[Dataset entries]
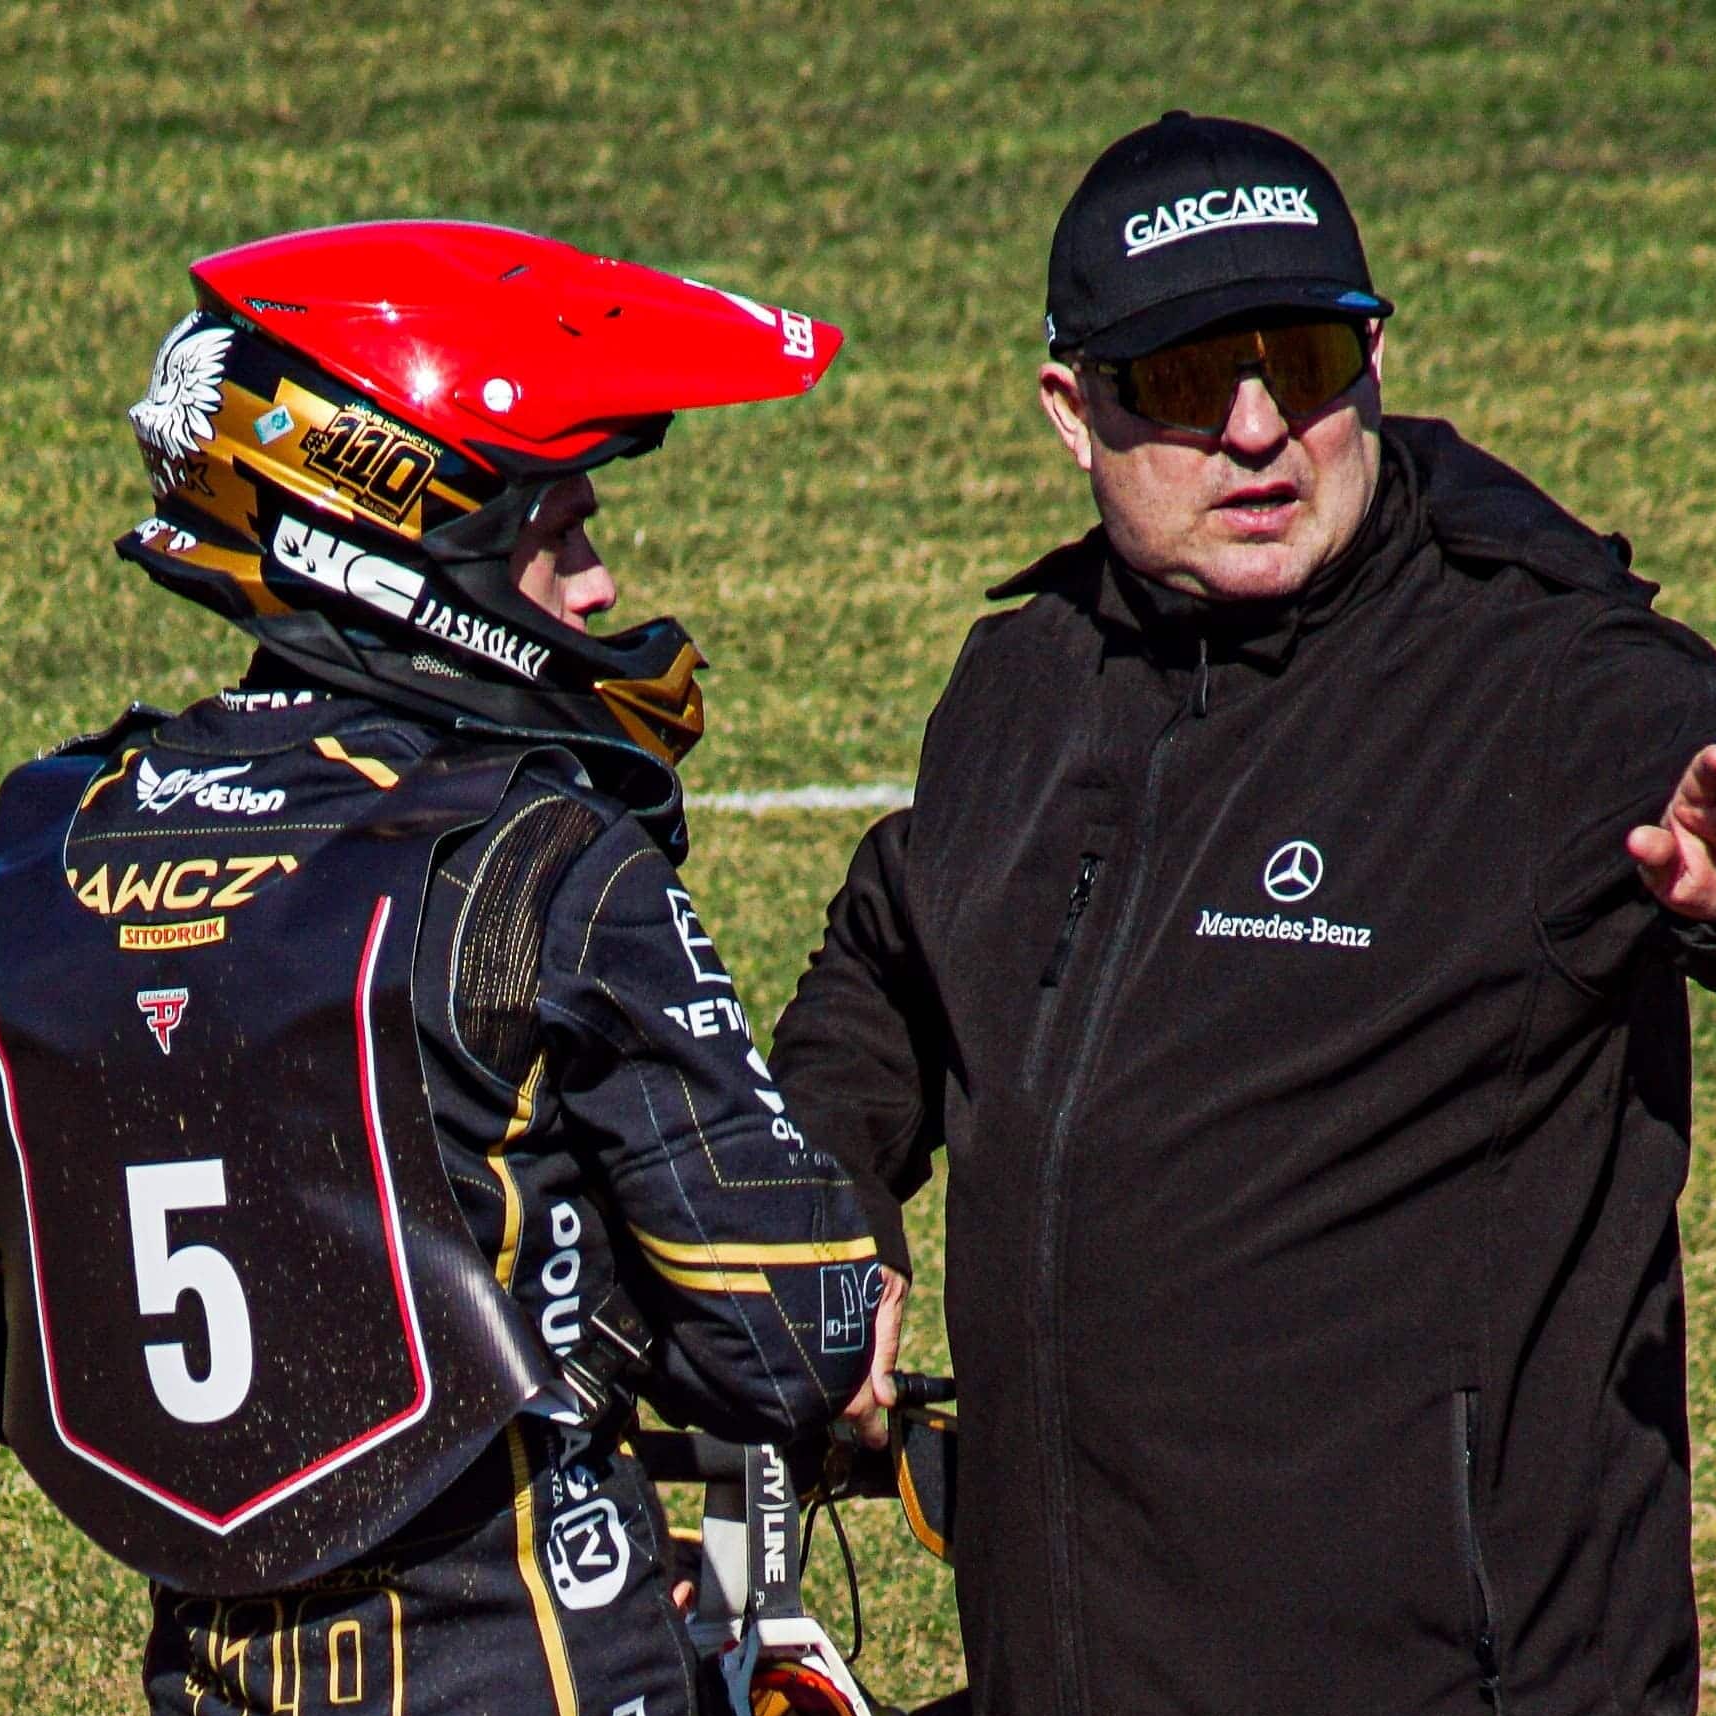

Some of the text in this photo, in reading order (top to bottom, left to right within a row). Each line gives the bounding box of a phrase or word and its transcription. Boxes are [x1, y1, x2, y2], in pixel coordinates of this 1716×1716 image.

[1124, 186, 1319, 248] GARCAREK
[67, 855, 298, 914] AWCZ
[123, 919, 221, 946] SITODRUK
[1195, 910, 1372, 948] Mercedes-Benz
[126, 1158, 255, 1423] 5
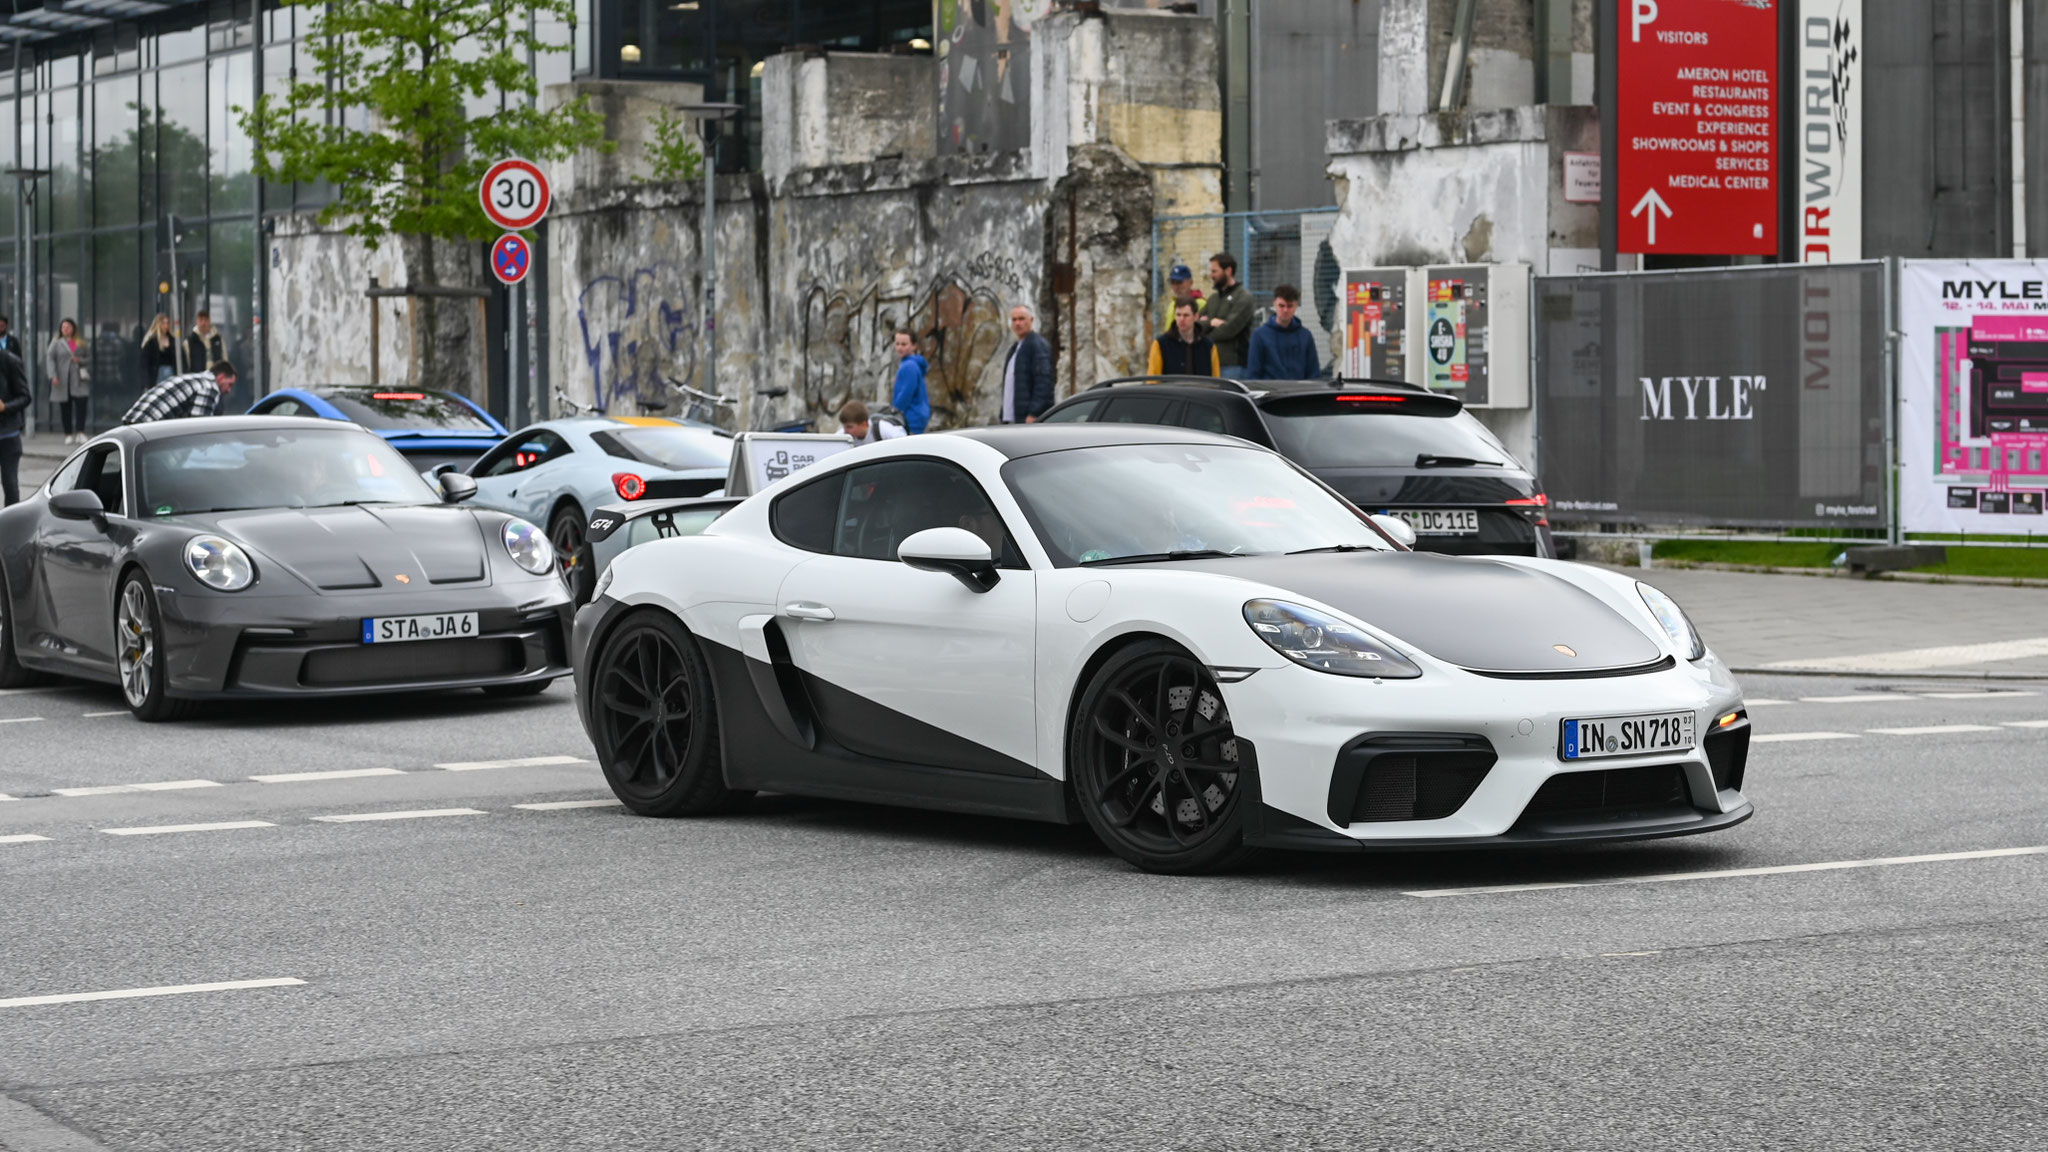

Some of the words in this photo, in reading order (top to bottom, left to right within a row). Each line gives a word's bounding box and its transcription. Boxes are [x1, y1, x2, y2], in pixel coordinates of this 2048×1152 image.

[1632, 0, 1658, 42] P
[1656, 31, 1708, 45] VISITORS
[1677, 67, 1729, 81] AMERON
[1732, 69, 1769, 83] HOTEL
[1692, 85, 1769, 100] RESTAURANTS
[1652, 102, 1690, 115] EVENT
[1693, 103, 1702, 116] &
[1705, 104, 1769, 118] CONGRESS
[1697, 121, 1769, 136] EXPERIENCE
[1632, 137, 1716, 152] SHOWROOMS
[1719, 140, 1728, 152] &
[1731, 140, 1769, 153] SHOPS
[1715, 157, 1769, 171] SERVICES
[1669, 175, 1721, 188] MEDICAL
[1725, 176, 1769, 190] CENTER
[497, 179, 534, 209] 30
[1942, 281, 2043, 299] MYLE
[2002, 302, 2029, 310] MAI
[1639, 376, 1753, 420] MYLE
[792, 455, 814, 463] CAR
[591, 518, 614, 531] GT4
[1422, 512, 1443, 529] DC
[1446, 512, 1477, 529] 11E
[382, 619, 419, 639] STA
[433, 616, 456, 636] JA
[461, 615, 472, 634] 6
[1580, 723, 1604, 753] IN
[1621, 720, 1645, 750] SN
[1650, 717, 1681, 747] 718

Directions. Above are the records; repeat them all exactly, without the pictures.

Answer for the task.
Some of the text in this photo, in reading order (top to bottom, left to right within a row). Each line gives the bounding box of a phrase or word and its transcription. Boxes are [x1, y1, x2, y2], in pixel coordinates of this 1716×1716 image.

[1124, 186, 1319, 248] GARCAREK
[67, 855, 298, 914] AWCZ
[123, 919, 221, 946] SITODRUK
[1195, 910, 1372, 948] Mercedes-Benz
[126, 1158, 255, 1423] 5

Some of the words in this photo, in reading order (top to bottom, left to right within a row). Each line gives a word's bounding box and its transcription. Boxes are [x1, y1, x2, y2], in pixel coordinates of this 2048×1152 image.

[1632, 0, 1658, 42] P
[1656, 31, 1708, 45] VISITORS
[1677, 67, 1729, 81] AMERON
[1732, 69, 1769, 83] HOTEL
[1692, 85, 1769, 100] RESTAURANTS
[1652, 102, 1690, 115] EVENT
[1693, 103, 1702, 116] &
[1705, 104, 1769, 118] CONGRESS
[1697, 121, 1769, 136] EXPERIENCE
[1632, 137, 1716, 152] SHOWROOMS
[1719, 140, 1728, 152] &
[1731, 140, 1769, 153] SHOPS
[1715, 157, 1769, 171] SERVICES
[1669, 175, 1721, 188] MEDICAL
[1725, 176, 1769, 190] CENTER
[497, 179, 534, 209] 30
[1942, 281, 2043, 299] MYLE
[2002, 302, 2029, 310] MAI
[1639, 376, 1753, 420] MYLE
[792, 455, 814, 463] CAR
[591, 518, 614, 531] GT4
[1422, 512, 1443, 529] DC
[1446, 512, 1477, 529] 11E
[382, 619, 419, 639] STA
[433, 616, 456, 636] JA
[461, 615, 472, 634] 6
[1580, 723, 1604, 753] IN
[1621, 720, 1645, 750] SN
[1650, 717, 1681, 747] 718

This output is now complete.